[Image-backed grounding data]
^^^^^^^^

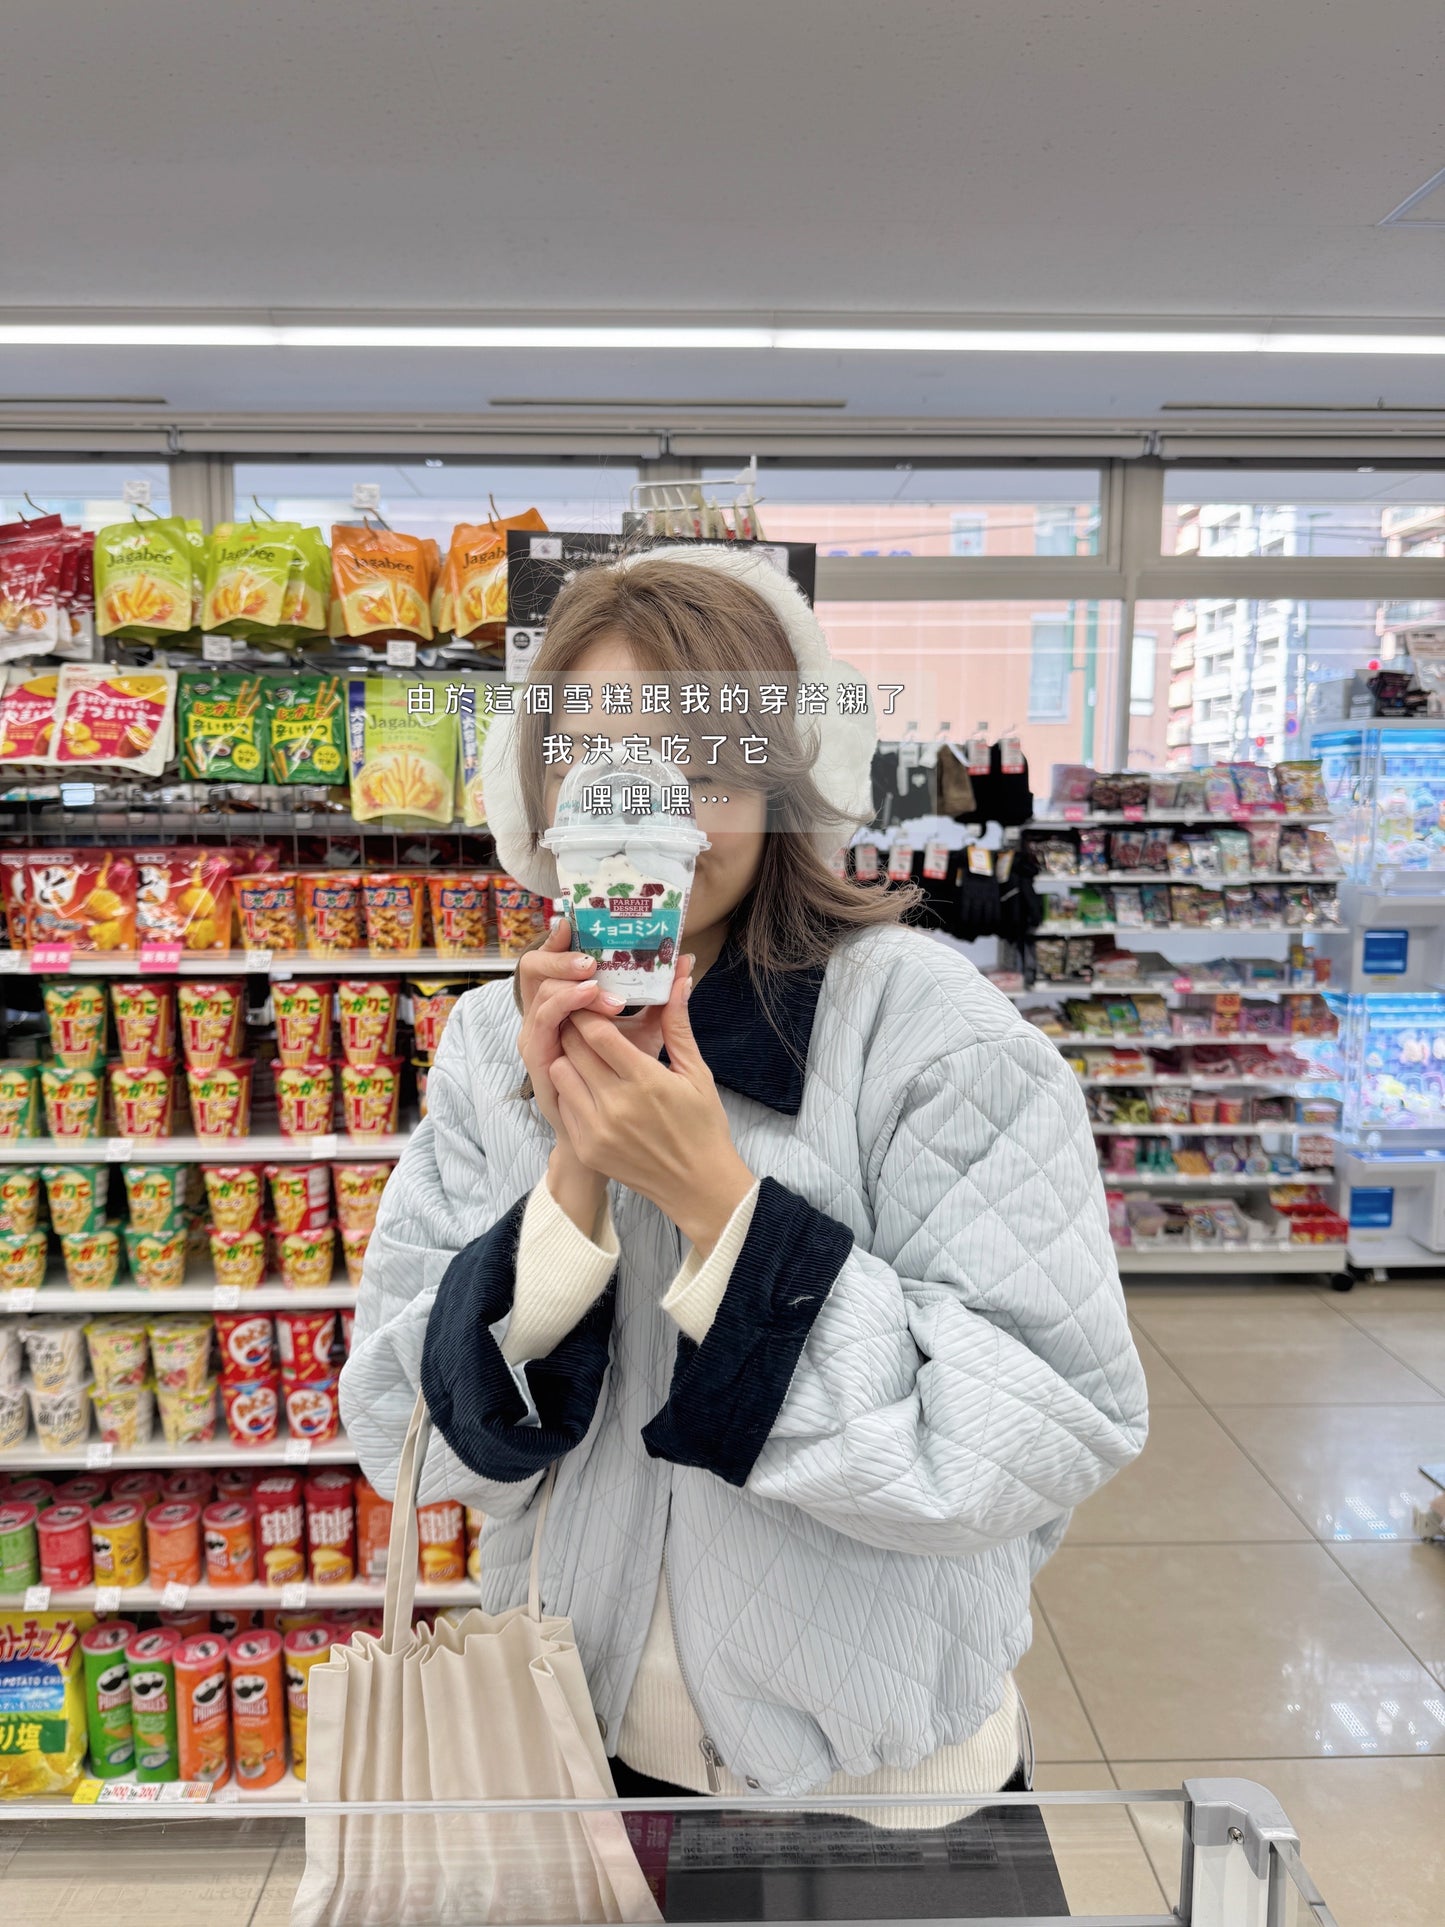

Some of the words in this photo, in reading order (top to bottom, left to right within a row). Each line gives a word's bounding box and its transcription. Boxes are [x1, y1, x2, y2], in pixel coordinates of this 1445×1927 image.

[107, 548, 173, 567] Jagabee
[463, 547, 507, 569] Jagab
[589, 920, 669, 937] チョコミント
[2, 1676, 41, 1687] POTATO
[0, 1723, 42, 1751] り塩

^^^^^^^^

◆ TASK TO COMPLETE: Could the entries be output exactly as written, but without their images?

◆ TASK RESULT:
Some of the words in this photo, in reading order (top to bottom, left to right within a row). Each line gives a word's bounding box and its transcription. Boxes are [x1, y1, x2, y2], in pixel coordinates of this 1445×1927 image.

[107, 548, 173, 567] Jagabee
[463, 547, 507, 569] Jagab
[589, 920, 669, 937] チョコミント
[2, 1676, 41, 1687] POTATO
[0, 1723, 42, 1751] り塩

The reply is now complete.